[PROVIDED INFORMATION Boundary: Start]

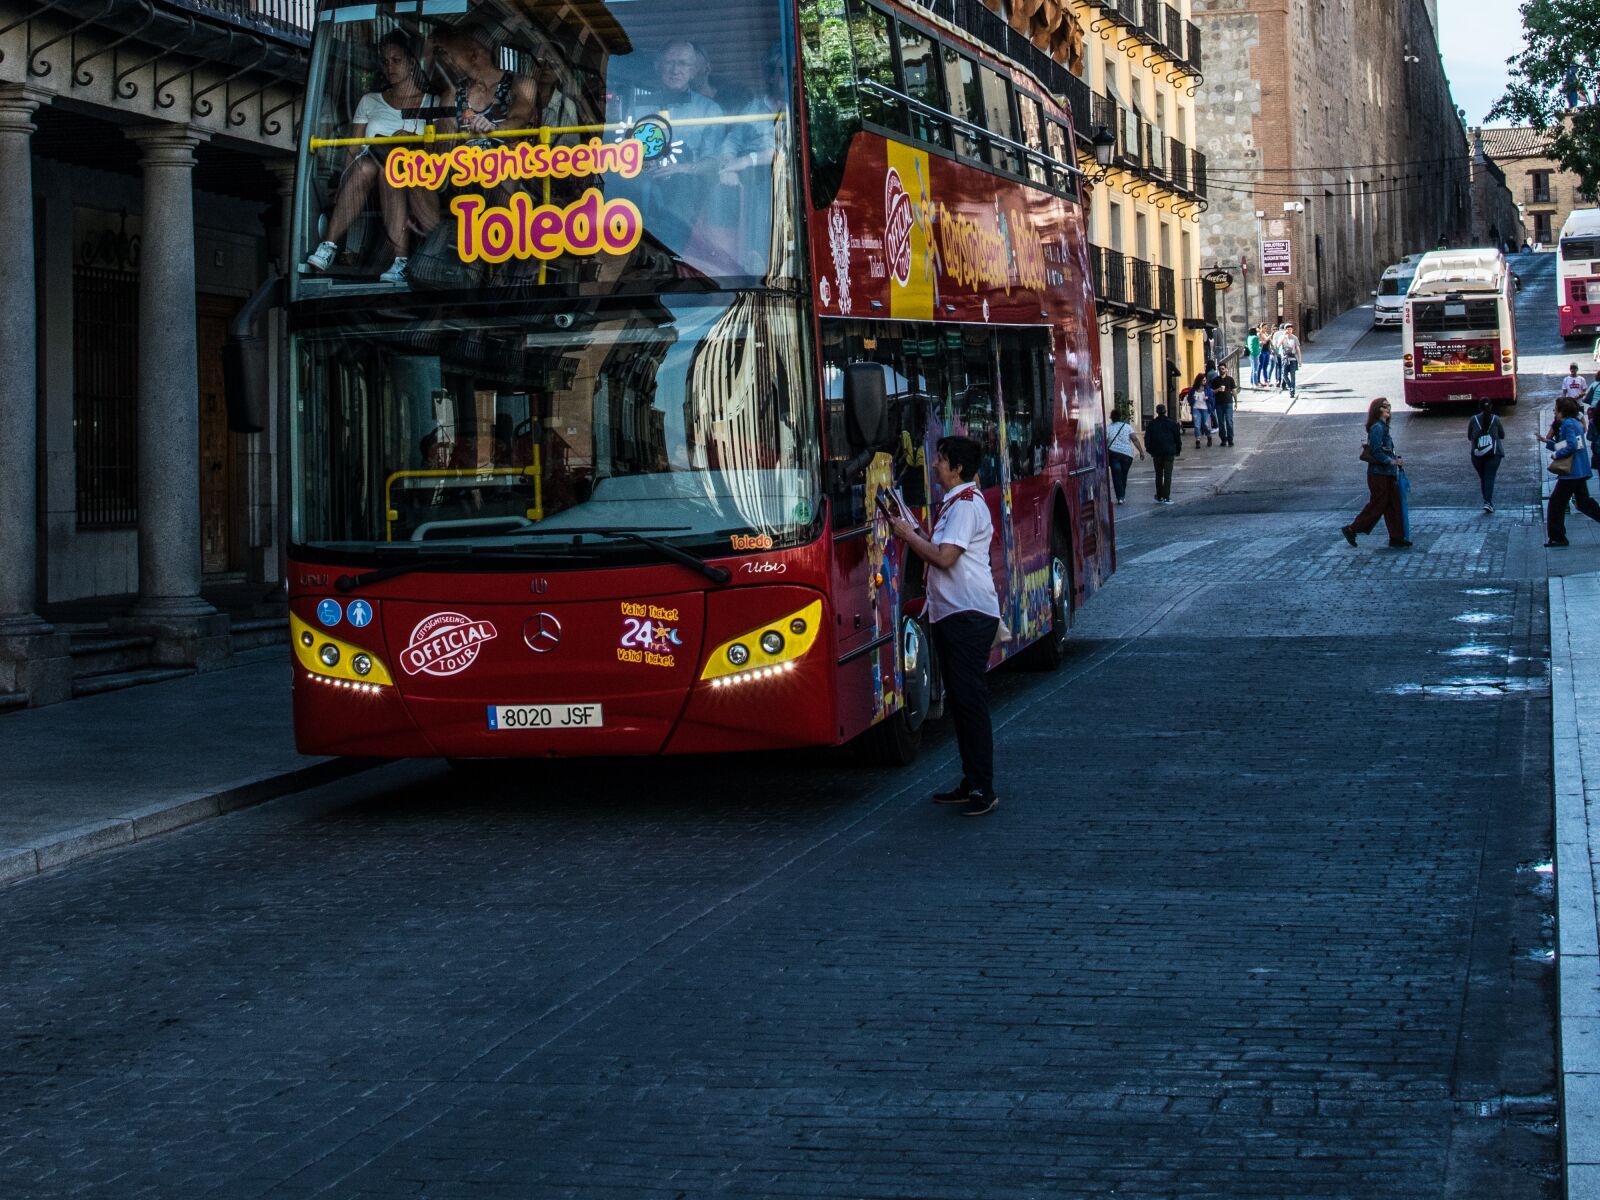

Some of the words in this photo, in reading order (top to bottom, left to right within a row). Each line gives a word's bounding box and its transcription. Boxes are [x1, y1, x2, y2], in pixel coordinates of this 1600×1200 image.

[385, 147, 449, 190] City
[451, 137, 643, 188] Sightseeing
[449, 187, 643, 263] Toledo
[730, 533, 773, 550] Toledo
[621, 602, 647, 617] Valid
[648, 605, 679, 621] Ticket
[621, 618, 653, 648] 24
[410, 623, 492, 667] OFFICIAL
[439, 648, 475, 670] TOUR
[616, 648, 643, 663] Valid
[644, 651, 675, 667] Ticket
[504, 708, 552, 727] 8020
[561, 706, 594, 725] JSF
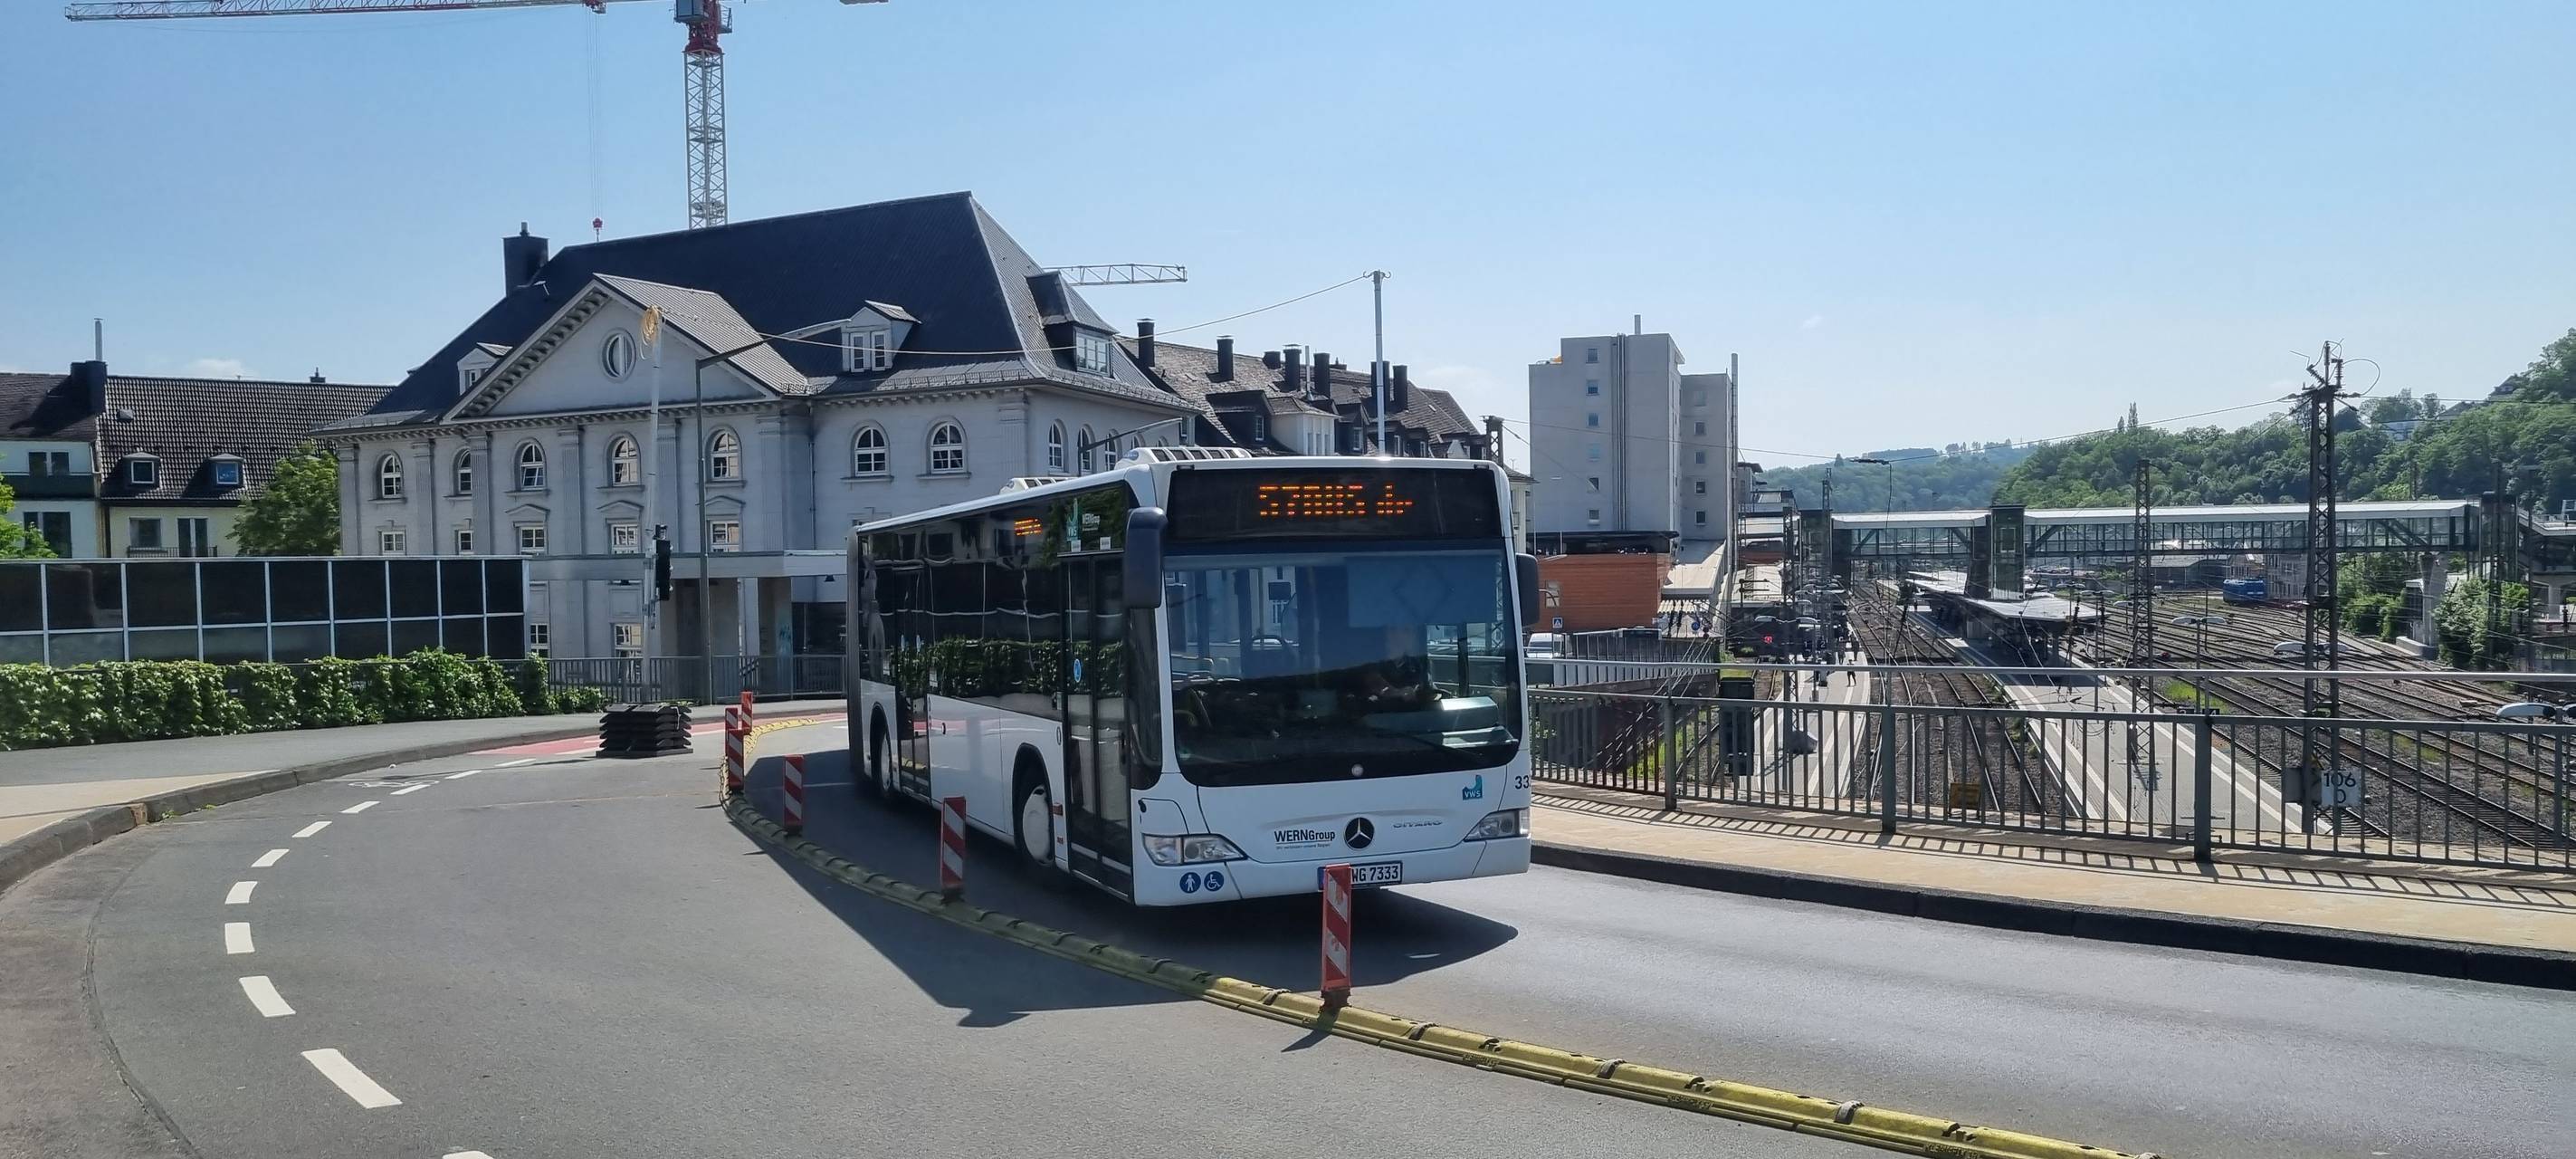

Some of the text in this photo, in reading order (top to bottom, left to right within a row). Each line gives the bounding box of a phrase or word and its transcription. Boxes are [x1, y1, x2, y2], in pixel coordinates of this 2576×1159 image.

[2323, 771, 2356, 788] 106
[1464, 790, 1482, 799] VWS
[1274, 829, 1336, 842] WERNGroup
[1369, 865, 1398, 881] 7333
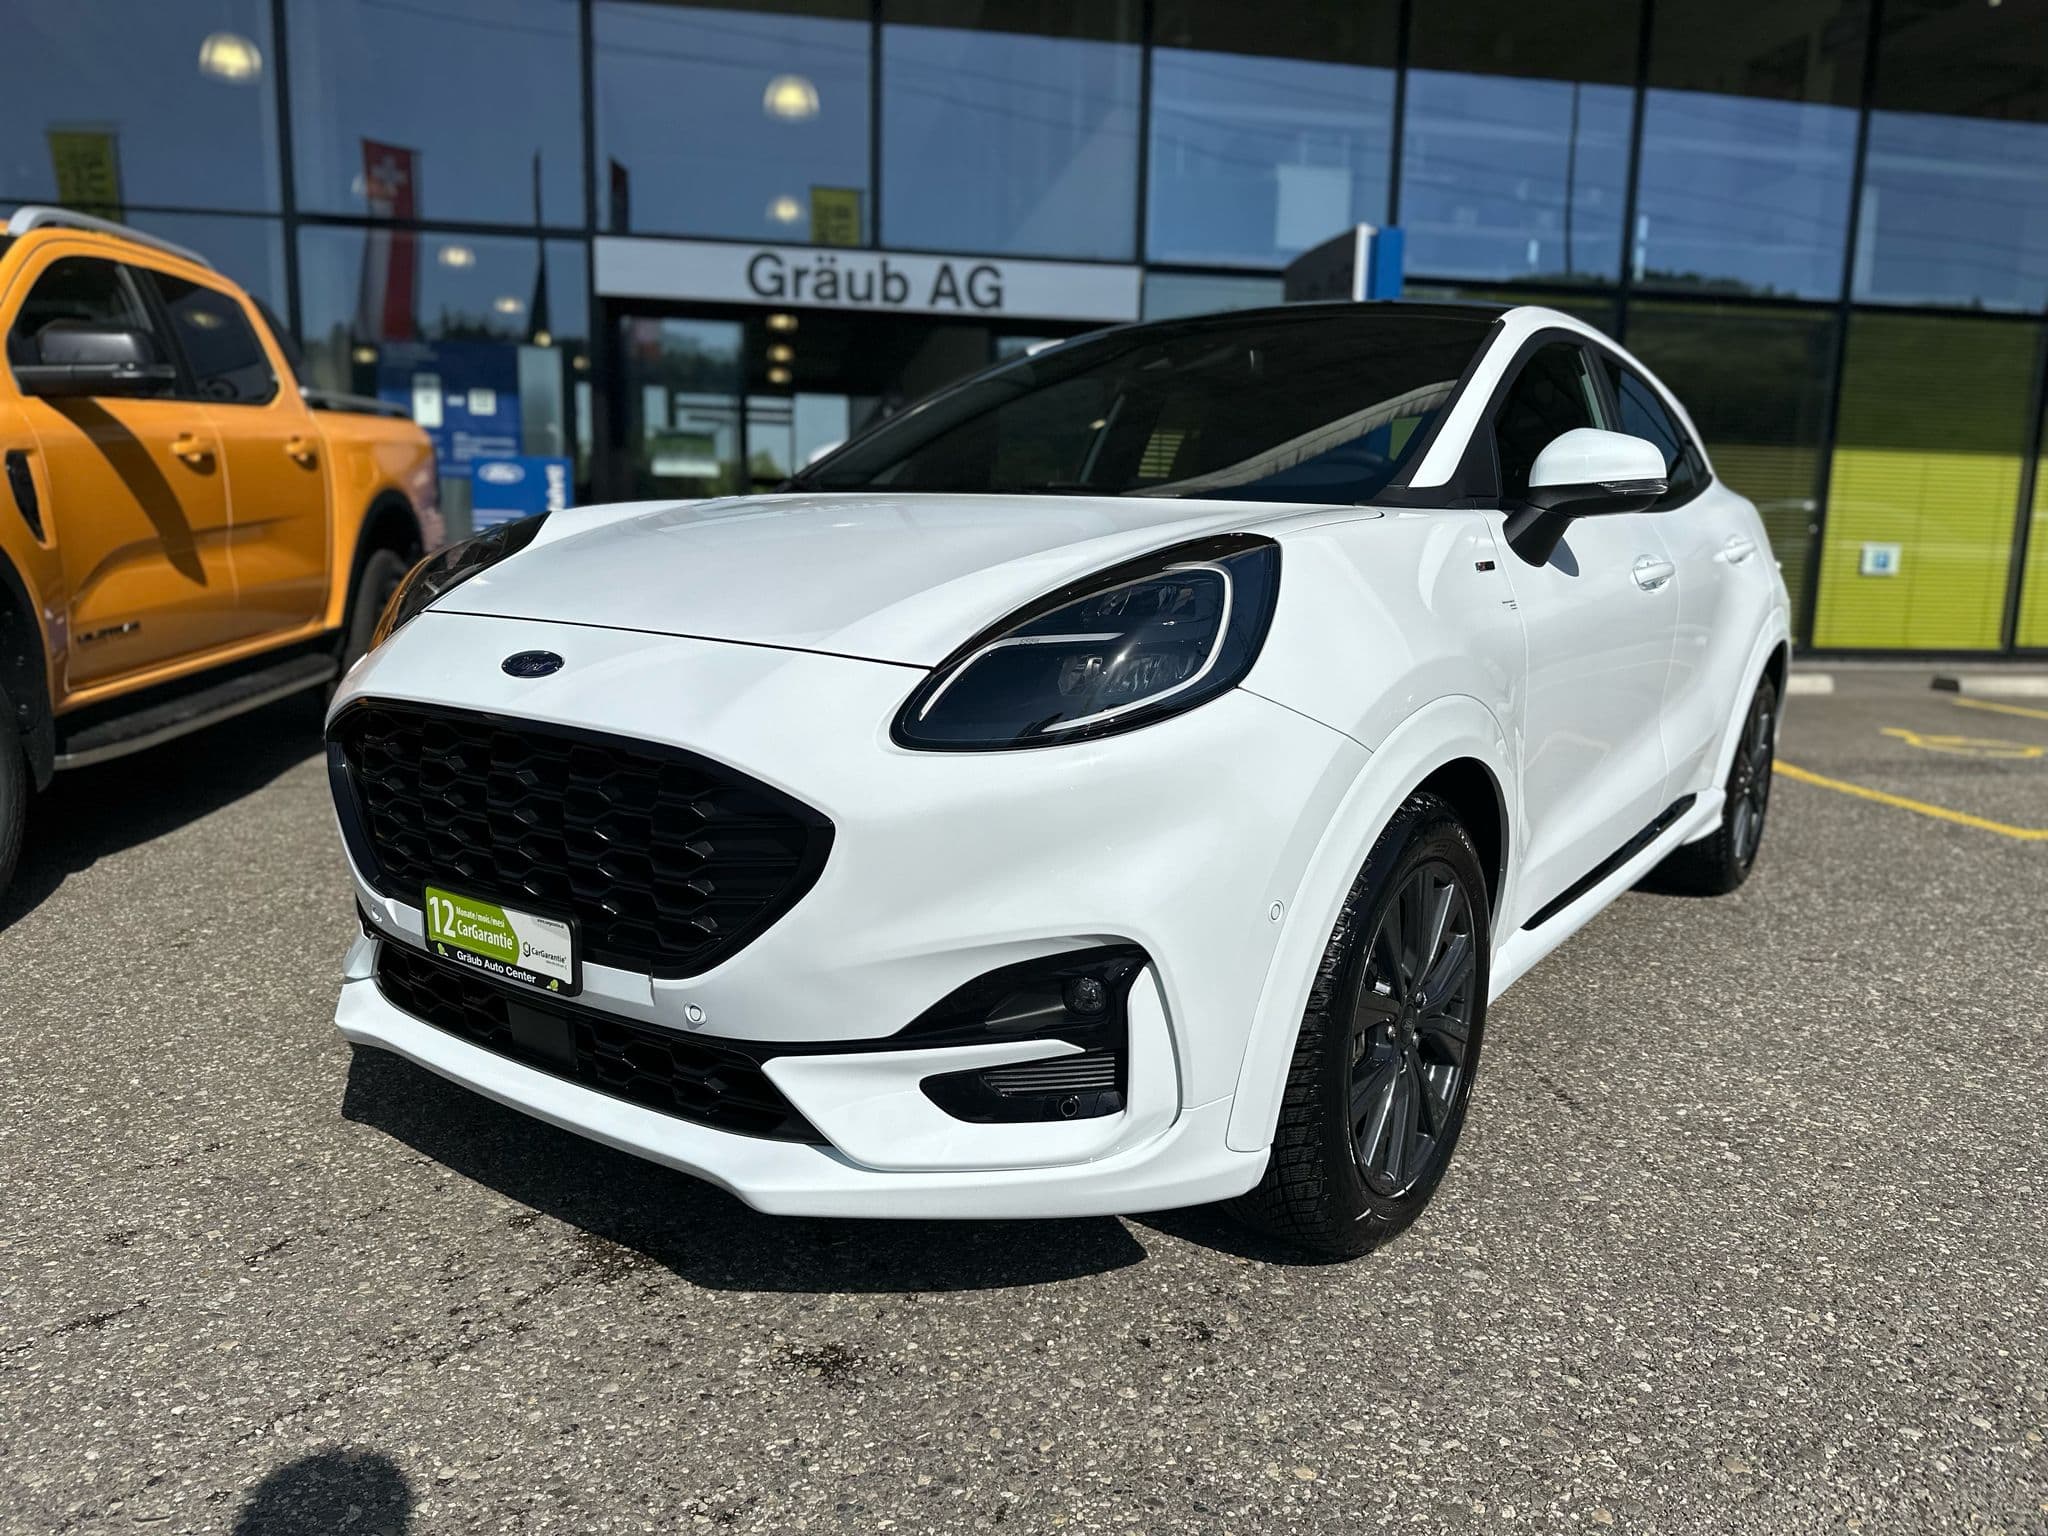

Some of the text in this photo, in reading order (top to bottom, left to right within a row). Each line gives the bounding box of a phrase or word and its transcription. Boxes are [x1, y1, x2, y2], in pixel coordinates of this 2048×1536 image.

[PROVIDED INFORMATION Boundary: End]

▸ **EXERCISE**
In the records above, find the line that contains "this 2576×1159 image.", then write it out along with every line after it, exactly, through the last one. Leave the pictures out.

▸ **RESPONSE AREA**
Some of the text in this photo, in reading order (top to bottom, left to right within a row). Each line gives the bounding box of a phrase or word and its transcription. Boxes are [x1, y1, x2, y2], in pixel coordinates of this 2576×1159 image.

[2323, 771, 2356, 788] 106
[1464, 790, 1482, 799] VWS
[1274, 829, 1336, 842] WERNGroup
[1369, 865, 1398, 881] 7333

Some of the text in this photo, in reading order (top to bottom, left to right within a row). Each line gives the bounding box of a phrase or word and its transcription. Boxes are [x1, y1, x2, y2], in pixel coordinates of this 2048×1536 image.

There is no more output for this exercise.